- About this exercise:
A faithful copy of the listing below is needed, one that contains no pictures.
•••
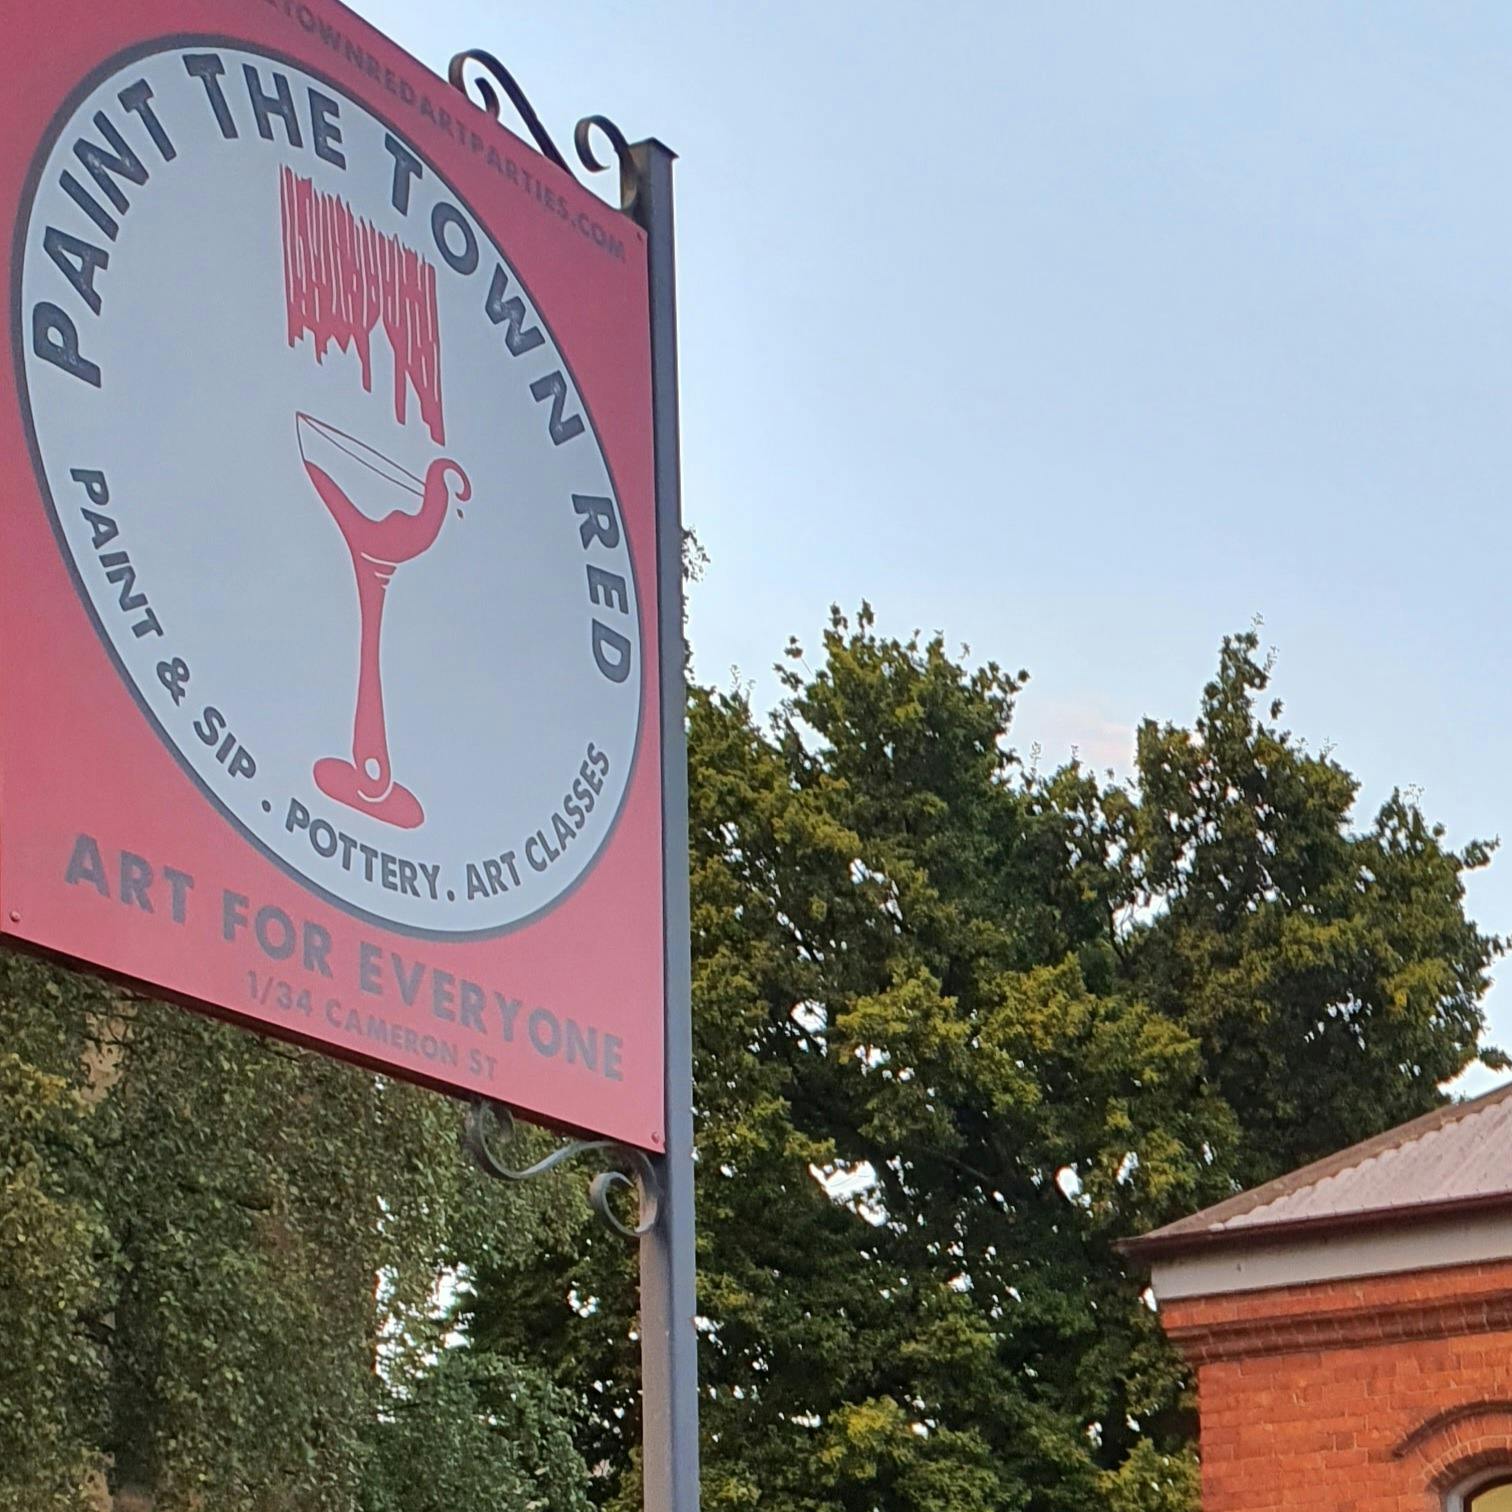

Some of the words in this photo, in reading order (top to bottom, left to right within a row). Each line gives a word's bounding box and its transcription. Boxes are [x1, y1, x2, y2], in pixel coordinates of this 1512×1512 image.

[265, 0, 627, 264] TOWNREDARTPARTIES.COM
[32, 78, 177, 389] PAINT
[182, 53, 347, 171] THE
[384, 132, 586, 447] TOWN
[571, 493, 632, 684] RED
[69, 467, 164, 638] PAINT
[156, 656, 190, 707] &
[192, 706, 256, 780] SIP
[466, 850, 521, 901] ART
[524, 741, 610, 873] CLASSES
[64, 832, 194, 925] ART
[222, 888, 333, 979] FOR
[359, 940, 624, 1082] EVERYONE
[246, 969, 314, 1018] 1/34
[324, 999, 460, 1068] CAMERON
[469, 1048, 499, 1082] ST
•••
- Reply to the exercise:
Some of the words in this photo, in reading order (top to bottom, left to right within a row). Each line gives a word's bounding box and its transcription. Boxes are [x1, y1, x2, y2], in pixel coordinates of this 1512×1512 image.

[265, 0, 627, 264] TOWNREDARTPARTIES.COM
[32, 78, 177, 389] PAINT
[182, 53, 347, 171] THE
[384, 132, 586, 447] TOWN
[571, 493, 632, 684] RED
[69, 467, 164, 638] PAINT
[156, 656, 190, 707] &
[192, 706, 256, 780] SIP
[466, 850, 521, 901] ART
[524, 741, 610, 873] CLASSES
[64, 832, 194, 925] ART
[222, 888, 333, 979] FOR
[359, 940, 624, 1082] EVERYONE
[246, 969, 314, 1018] 1/34
[324, 999, 460, 1068] CAMERON
[469, 1048, 499, 1082] ST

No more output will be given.